La prima mossa è cercare di avere alternative nelle forniture. Non solo, quindi, il gasdotto Nord Stream 2, ma anche il South Stream. Inoltre, bisognerebbe costruire rigassificatori per ricevere il GNL trasportato via mare. Andrebbe poi perseguita una diversificazione relativa alle fonti energetiche. L’Europa può essere più indipendente aumentando le energie rinnovabili green, che però sono costose e possono dipendere troppo dalle condizioni meteorologiche, oppure facendo ricorso al nucleare. In questo secondo caso, in attesa della produzione tramite fusione (secondo gli esperti, ci vorranno 20-25 anni), si possono utilizzare i mini reattori di quarta generazione, e comunque le centrali nucleari sono presenti in numero consistente fuori dai confini italiani.
Nel frattempo dovremmo aumentare l’estrazione di gas?
Questo è ovvio. Non si può continuare con l’assurda situazione per cui i Paesi che affacciano sulla costa orientale dell’Adriatico estraggono gas dal mare, mentre l’Italia no. Detto tutto questo, occorre non dimenticare il reale impatto dei costi del gas sulla bolletta energetica.
In che senso?
Invito tutti a leggere la propria bolletta del gas e scoprire così che la materia prima pesa per circa un terzo sull’importo totale. Gli altri due terzi dipendono, in parti uguali, da accise e Iva e da costi di distribuzione e gestione dei contatori. Il grosso del costo delle bollette garantisce quindi i margini per il cartello oligopolistico dei distributori e le entrate dell’Erario.
Quello che sta dicendo significa anche che i provvedimenti presi contro il caro bolletta potevano essere più efficaci?
Si poteva sicuramente fare meglio. Bastava stabilire, per due bollette bimestrali, il dimezzamento del costo di distribuzione e gestione dei contatori (con la possibilità di recuperarli una volta tornati a livelli normali i prezzi del gas) e l’azzeramento delle tasse: questo avrebbe portato ad aumenti delle bollette molto più contenuti.
Nell’ultimo mese lo spread è tornato ad aumentare. Come sarà il 2022 da questo punto di vista?

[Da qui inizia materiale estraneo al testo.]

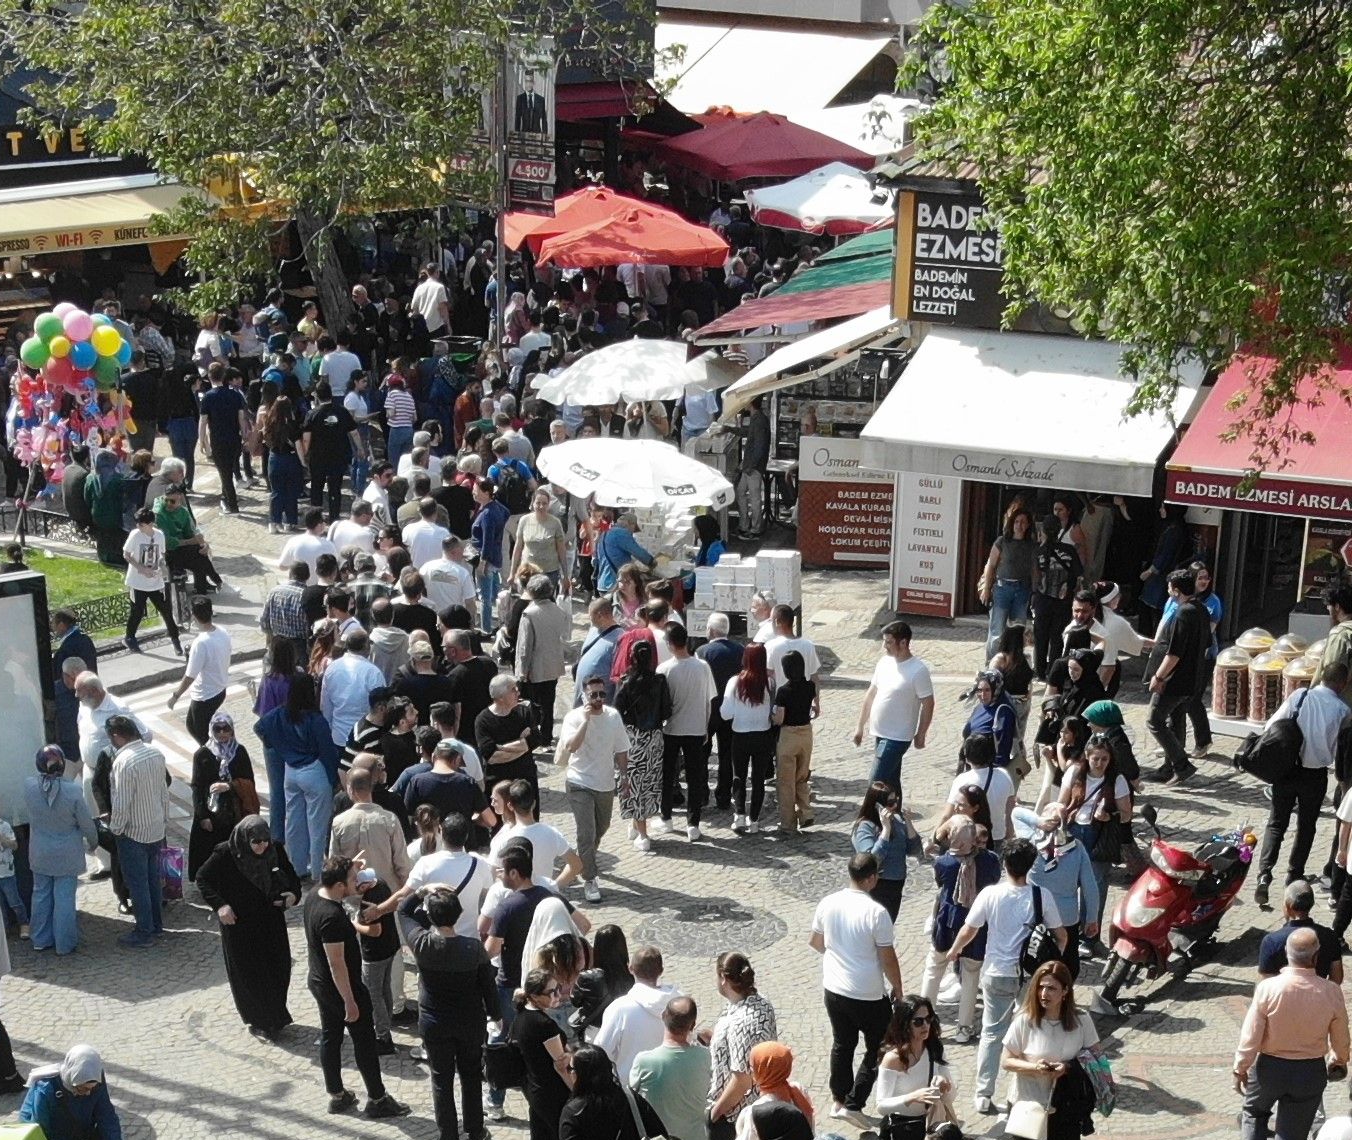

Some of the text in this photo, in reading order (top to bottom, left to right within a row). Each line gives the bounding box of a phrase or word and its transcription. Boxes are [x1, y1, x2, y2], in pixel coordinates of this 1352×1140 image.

[55, 232, 83, 248] WI-FI
[914, 267, 968, 284] BADEMİN
[913, 284, 975, 301] EN DOĞAL
[913, 299, 957, 316] LEZZETİ
[1175, 481, 1231, 499] BADEM
[825, 502, 860, 511] KAVALA
[916, 511, 941, 521] ANTEP

Le tensioni sullo spread dipendono largamente dalle fibrillazioni politiche più che da fattori economico-finanziari, come dimostra il caso del 2021: abbiamo avuto un enorme aumento di deficit e debito, ovviamente giustificato dal Covid, ma con la stabilità determinata dal Governo Draghi lo spread è rimasto tranquillo, almeno fin quando non sono sorte incertezze legate alla nomina del nuovo capo dello Stato. Dove lo spread può assumere elementi economico-finanziari oltre che politici è su un altro livello.
Quale?
Quello delle prospettive di medio-lungo termine. E in questo senso il 2022 è un anno cruciale sia sul piano interno che sul piano europeo. Sul piano interno dobbiamo mettere a terra i progetti del Pnrr e realizzare le quattro grandi riforme strutturali (fisco, giustizia, Pa e concorrenza) a esso collegate, in modo anche da ricevere le nuove tranche di risorse da Bruxelles. In sede europea, occorre rendere permanente il Next Generation Eu, cominciando ad avere un bilancio federale europeo con debito comune, e ridiscutere i parametri sulla politica di bilancio.
In che modo?
Il punto fondamentale, a mio avviso, è sostituire il concetto di avanzo primario, numero aritmetico privo di fondamenti teorici, con quello di avanzo di parte corrente. Il bilancio pubblico nella parte corrente deve essere in equilibrio e il deficit servire solo per investimenti pubblici, magari certificati dalla Bce per evitare trucchi contabili, con una clausola di premialità: per ogni 1% di avanzo corrente (che è risparmio pubblico) si può concedere un 2% di investimenti aggiuntivi utilizzando l’avanzo stesso ed emettendo titoli del debito pubblico. Questo è il vero rigore della finanza pubblica, perché così si ha un bilancio pubblico che sostiene occupazione e crescita in condizioni di equilibrio, rendendo sostenibile il rapporto debito/Pil, anche se elevato come nel caso dell’Italia.